The Open Social Spec has grown in recent months, as more eyes have been over it. 0.7 was a relatively simple social model, but in 0.8.1 that has just been released, you can see the influence of input from the likes of MySpace and LinkedIn. All of this makes sense, and certainly makes the model more complete, but at the same time makes it all the more complicated.

So how to implement the SPI. I looked at pure JDBC, but decided, due to the size of the model, this was going to take quite a time to make work well. I have used Hibernate in the past, but often found that it leads to a great object model, but really bad DB model that dies in production. There are more modern standards like JPA, but some of these have the same potential as older versions of hibernate to make a mess of the DB. A while back I used Apache Cayenne on another reasonably large scale project.
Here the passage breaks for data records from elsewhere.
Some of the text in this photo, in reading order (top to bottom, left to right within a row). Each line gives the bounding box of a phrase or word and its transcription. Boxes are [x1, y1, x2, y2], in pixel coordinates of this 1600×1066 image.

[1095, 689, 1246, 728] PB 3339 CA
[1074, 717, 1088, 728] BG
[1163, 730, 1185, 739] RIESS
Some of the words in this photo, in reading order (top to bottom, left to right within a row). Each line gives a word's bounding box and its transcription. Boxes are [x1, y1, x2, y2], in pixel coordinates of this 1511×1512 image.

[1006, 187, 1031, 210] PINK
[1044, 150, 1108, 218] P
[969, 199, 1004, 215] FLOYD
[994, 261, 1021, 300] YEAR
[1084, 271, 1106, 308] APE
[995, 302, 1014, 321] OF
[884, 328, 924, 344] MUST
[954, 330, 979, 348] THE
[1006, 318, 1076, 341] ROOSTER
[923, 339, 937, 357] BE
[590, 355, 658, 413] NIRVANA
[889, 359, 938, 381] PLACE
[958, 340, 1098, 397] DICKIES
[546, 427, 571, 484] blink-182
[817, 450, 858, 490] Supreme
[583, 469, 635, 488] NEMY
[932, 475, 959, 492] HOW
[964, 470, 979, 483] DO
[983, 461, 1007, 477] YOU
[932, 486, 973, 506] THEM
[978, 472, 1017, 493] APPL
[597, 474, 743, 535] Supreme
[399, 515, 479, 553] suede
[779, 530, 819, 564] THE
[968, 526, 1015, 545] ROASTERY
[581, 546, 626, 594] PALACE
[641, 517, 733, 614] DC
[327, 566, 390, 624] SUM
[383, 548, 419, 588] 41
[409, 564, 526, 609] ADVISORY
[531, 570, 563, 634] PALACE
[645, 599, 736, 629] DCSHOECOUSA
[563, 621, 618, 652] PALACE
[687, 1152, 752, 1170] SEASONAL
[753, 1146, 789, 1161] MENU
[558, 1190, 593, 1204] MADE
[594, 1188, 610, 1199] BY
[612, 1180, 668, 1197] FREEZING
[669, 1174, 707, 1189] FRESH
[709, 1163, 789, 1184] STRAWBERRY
What struck me at the time was how if made the developer focus on the construction of a great DB model that would perform at scale, and then drove the connection of that DB model into a Object model.
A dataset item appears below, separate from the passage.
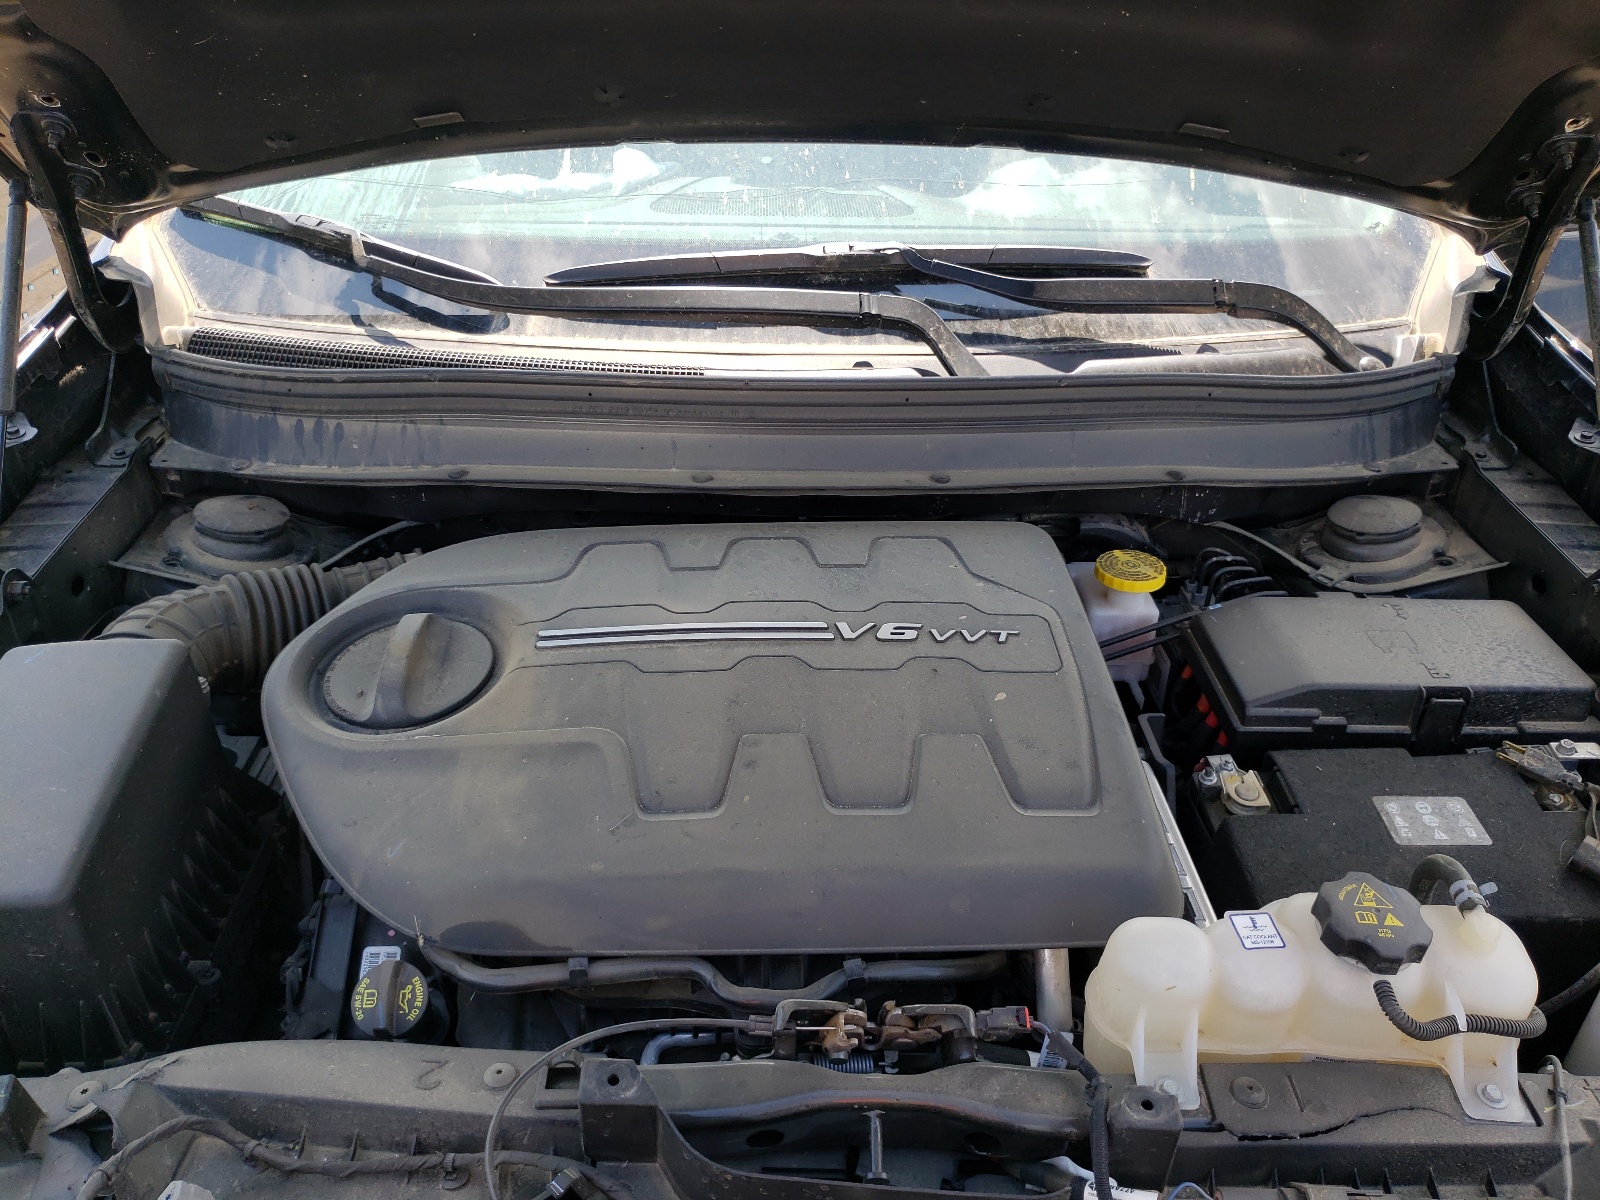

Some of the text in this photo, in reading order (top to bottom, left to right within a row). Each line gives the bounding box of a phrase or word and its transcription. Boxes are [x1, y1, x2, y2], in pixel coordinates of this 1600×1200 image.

[835, 620, 1020, 646] V6 VVT
[357, 977, 371, 994] SAE
[406, 976, 424, 1022] ENGINE OIL
For Shindig, I am using Apache Cayenne 2. I did a v0.7 implementation with this stack and I am now updating this to 0.8.1. The big thing that strikes me is that I am designing the database from an entity model, and then performing Relational to Object Mapping, rather than building a Object model and finding a way to store it. The second thing, that strikes me, is that even though there are significant additions and changes between 0.7 ad 0.8.1 Cayenne is quick and easy to work with, leaving me free to make the optimizations I want to in the ORM conversions without demanding me to jump through hoops.

What will be really interesting to see, is how the implementation process impacts the database design and scale up in production. At the moment, it looks nice, but as always with a DB, looking nice needs to be checked with lots of data and load at scale.